Production Advantages#

Predictable Execution

Single LLM call for planning instead of iterative decisions
Deterministic routing follows predetermined plan
Complete validation before execution begins
Failed plans trigger re-classification rather than cascade failures

Error Classification with Retry Policies

@staticmethod
def classify_error(exc: Exception, context: dict):
    """Built-in error classification for orchestration operations."""

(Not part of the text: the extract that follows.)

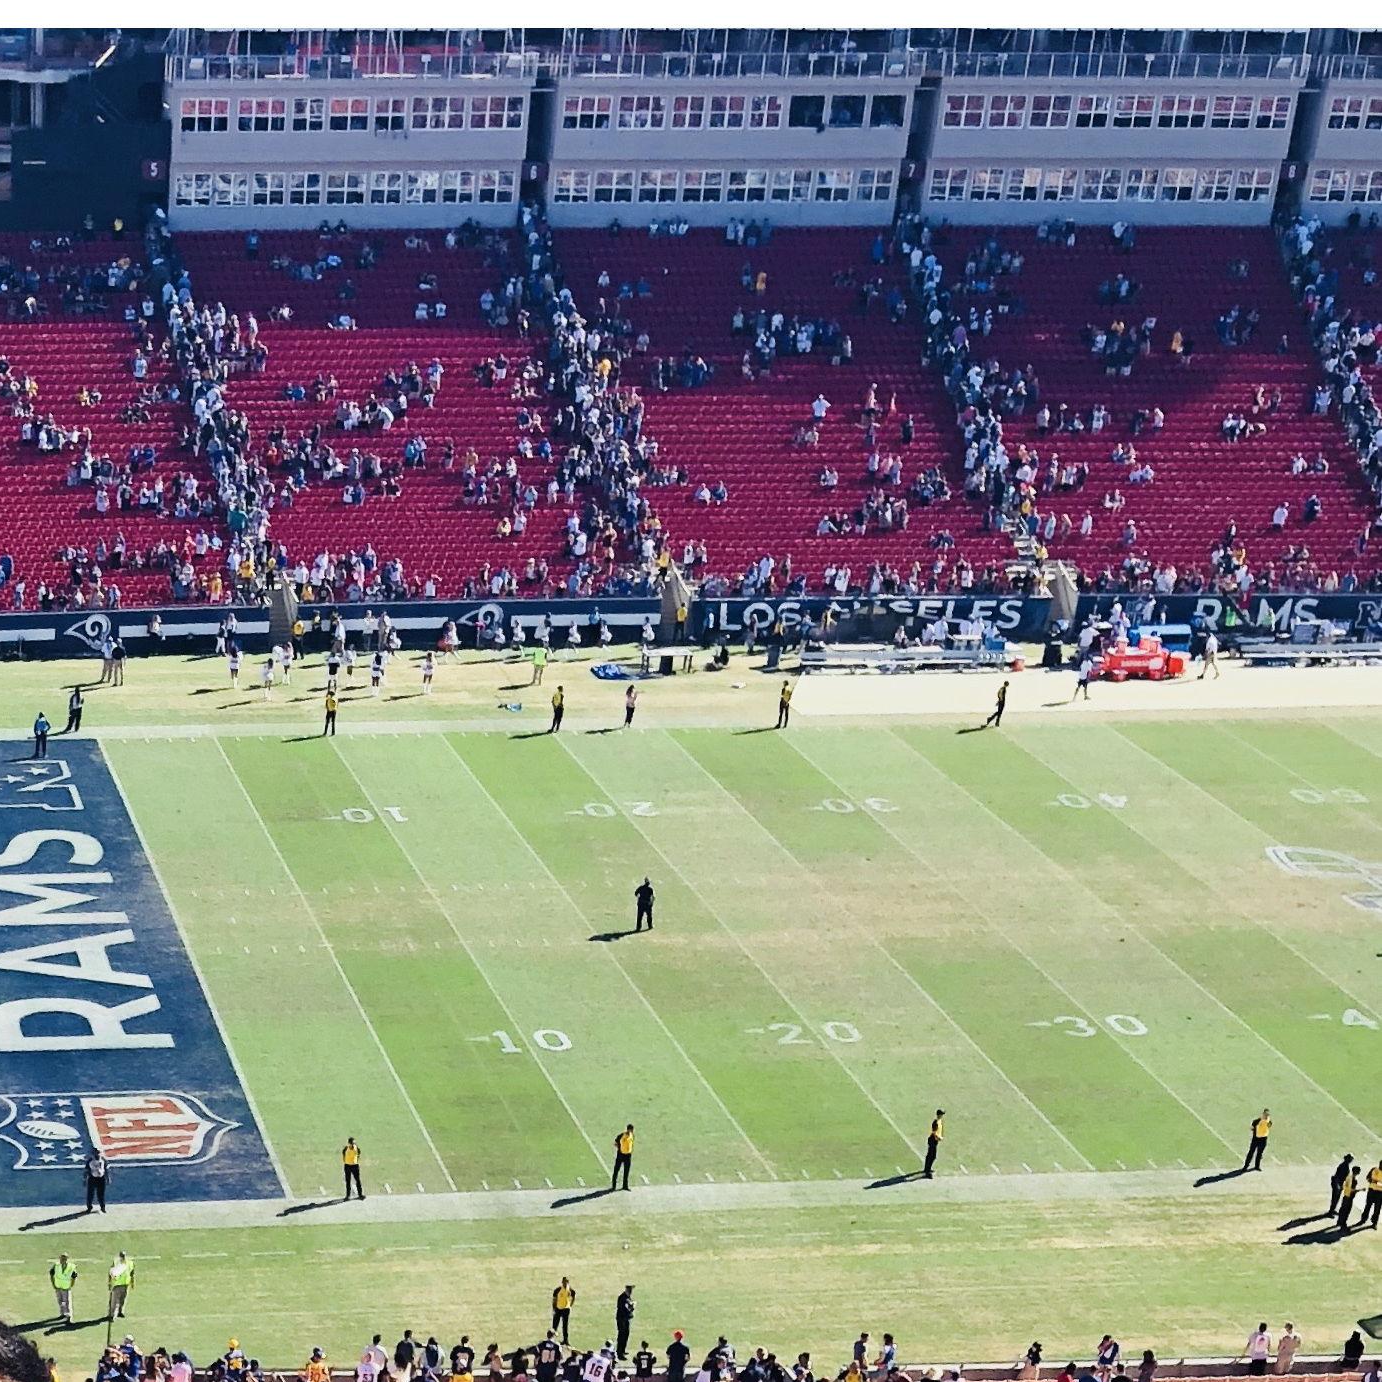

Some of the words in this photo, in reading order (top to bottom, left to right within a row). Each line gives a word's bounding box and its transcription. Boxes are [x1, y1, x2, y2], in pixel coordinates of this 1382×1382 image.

[764, 1020, 863, 1046] 20
[1053, 1014, 1150, 1038] 30
[488, 1028, 573, 1054] 10
[589, 1363, 604, 1378] 16

    # Retry LLM timeouts (orchestration uses LLM heavily)
    if 'timeout' in exc.__class__.__name__.lower():
        return ErrorClassification(
            severity=ErrorSeverity.RETRIABLE,
            user_message="LLM timeout during execution planning, retrying...",
            metadata={"technical_details": str(exc)}
        )

    # Don't retry planning/validation errors (logic issues)
    if isinstance(exc, (ValueError, TypeError)):
        return ErrorClassification(
            severity=ErrorSeverity.CRITICAL,
            user_message="Execution planning configuration error"
        )

@staticmethod
def get_retry_policy() -> Dict[str, Any]:
    """Custom retry policy for LLM-based orchestration operations."""
    return {
        "max_attempts": 4,        # More attempts for LLM operations
        "delay_seconds": 2.0,     # Longer initial delay for LLM services
        "backoff_factor": 2.0     # Aggressive backoff for rate limiting
    }

Implementation Example#

Complete Orchestration Flow#

# 1. User request: "Find beam current PV addresses"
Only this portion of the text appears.